=== Begin Enclosure ===

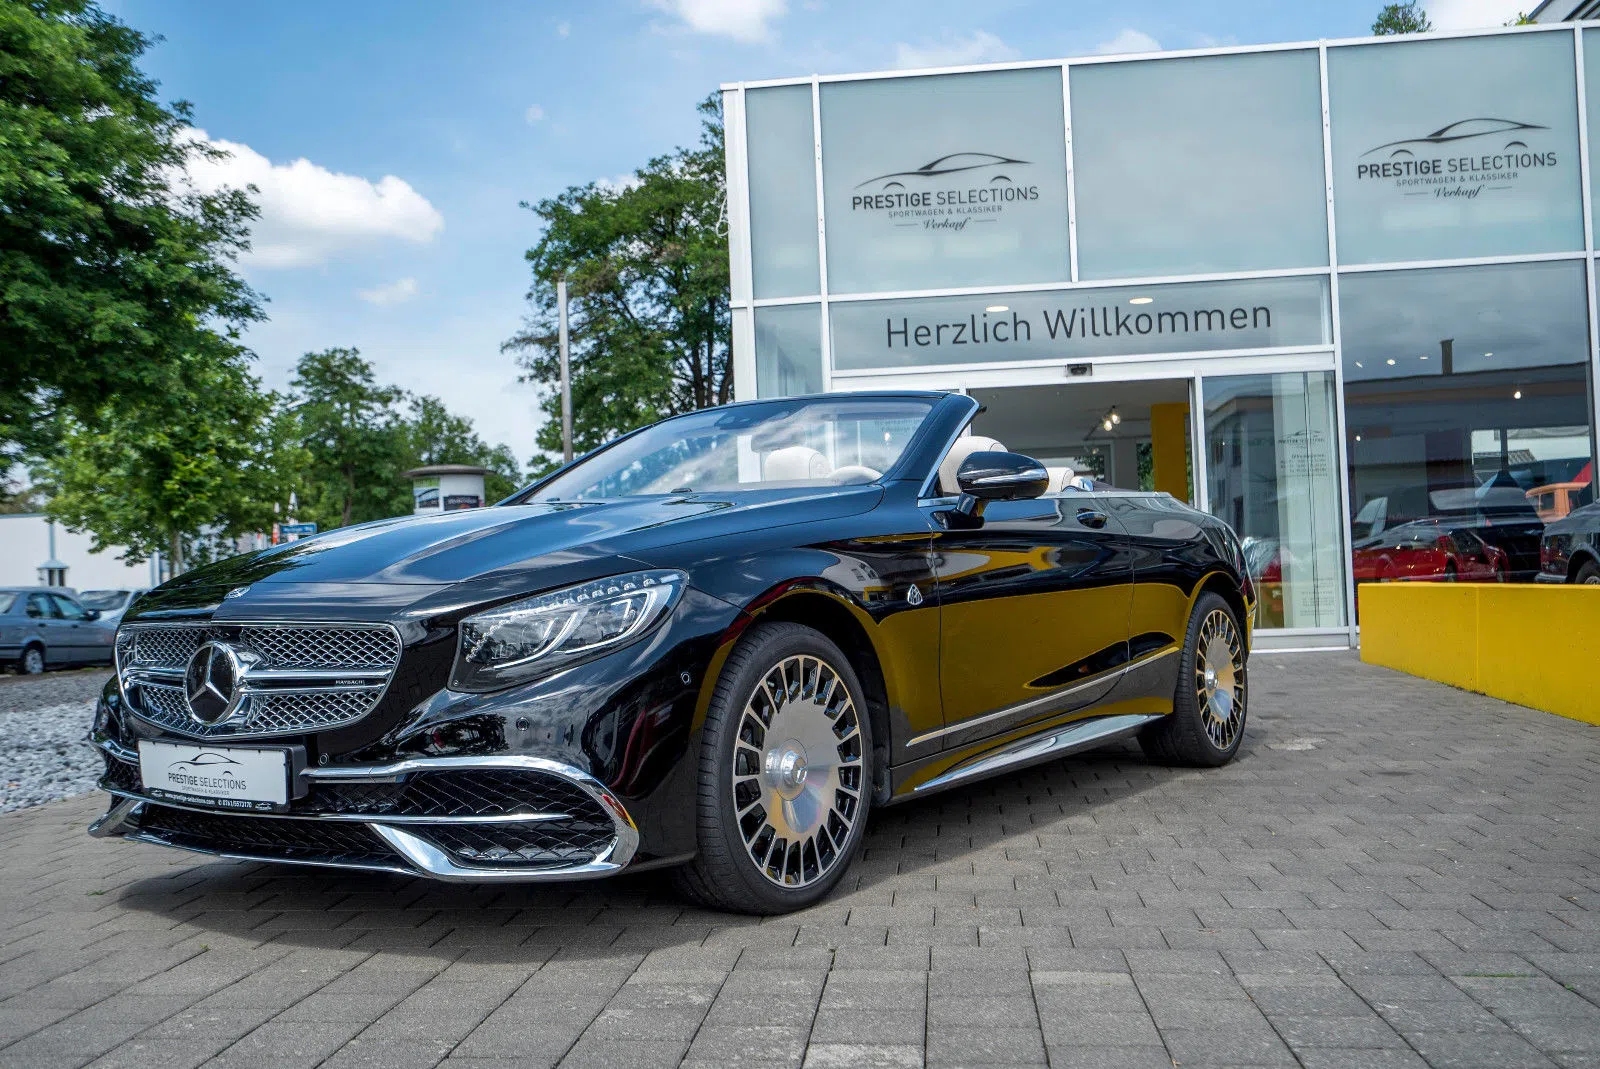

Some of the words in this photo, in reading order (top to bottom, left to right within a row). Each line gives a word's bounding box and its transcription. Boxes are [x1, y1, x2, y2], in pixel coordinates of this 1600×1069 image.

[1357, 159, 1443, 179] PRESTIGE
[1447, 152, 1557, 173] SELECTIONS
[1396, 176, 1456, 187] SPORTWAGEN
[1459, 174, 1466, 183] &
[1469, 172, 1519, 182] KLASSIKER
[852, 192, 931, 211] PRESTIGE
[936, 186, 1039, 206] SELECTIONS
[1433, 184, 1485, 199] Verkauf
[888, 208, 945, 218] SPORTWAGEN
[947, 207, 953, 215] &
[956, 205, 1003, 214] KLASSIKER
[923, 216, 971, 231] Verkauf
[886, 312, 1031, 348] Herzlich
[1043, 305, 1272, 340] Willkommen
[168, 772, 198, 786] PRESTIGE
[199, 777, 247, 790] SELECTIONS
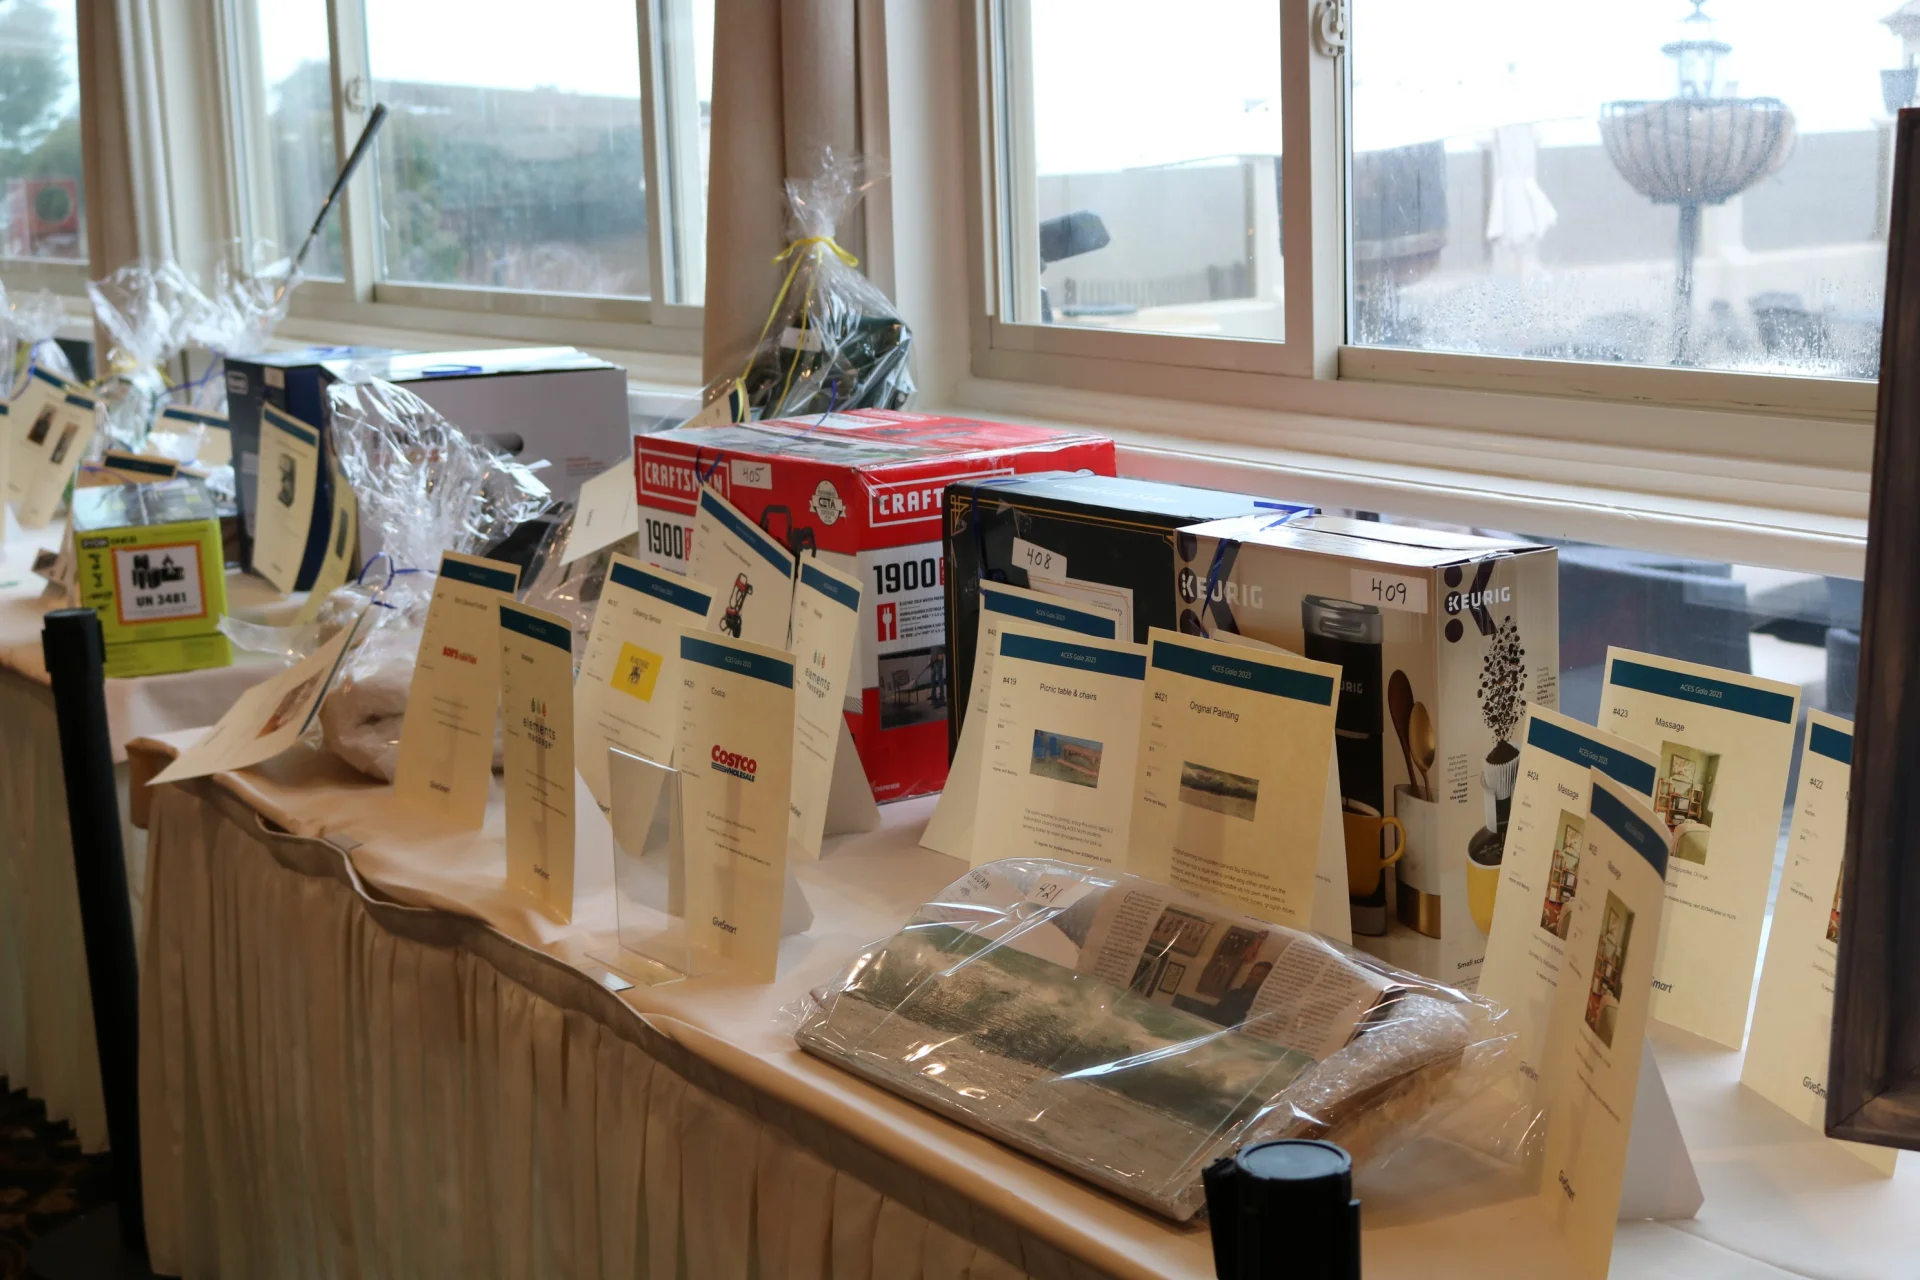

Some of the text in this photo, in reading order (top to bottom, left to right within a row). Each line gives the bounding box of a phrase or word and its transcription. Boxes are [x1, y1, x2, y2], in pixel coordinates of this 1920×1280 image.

=== End Enclosure ===

§ Brief: Print the data above exactly; drop every picture.

§ The completed task:
Some of the words in this photo, in reading order (top to bottom, left to right within a row). Each line gives a word's bounding box and its transcription. Boxes are [x1, y1, x2, y2], in pixel coordinates of this 1600×1069 image.

[1357, 159, 1443, 179] PRESTIGE
[1447, 152, 1557, 173] SELECTIONS
[1396, 176, 1456, 187] SPORTWAGEN
[1459, 174, 1466, 183] &
[1469, 172, 1519, 182] KLASSIKER
[852, 192, 931, 211] PRESTIGE
[936, 186, 1039, 206] SELECTIONS
[1433, 184, 1485, 199] Verkauf
[888, 208, 945, 218] SPORTWAGEN
[947, 207, 953, 215] &
[956, 205, 1003, 214] KLASSIKER
[923, 216, 971, 231] Verkauf
[886, 312, 1031, 348] Herzlich
[1043, 305, 1272, 340] Willkommen
[168, 772, 198, 786] PRESTIGE
[199, 777, 247, 790] SELECTIONS

Some of the text in this photo, in reading order (top to bottom, left to right within a row). Each line gives the bounding box of a phrase or word and its transcription. Boxes are [x1, y1, x2, y2], in pixel coordinates of this 1920×1280 image.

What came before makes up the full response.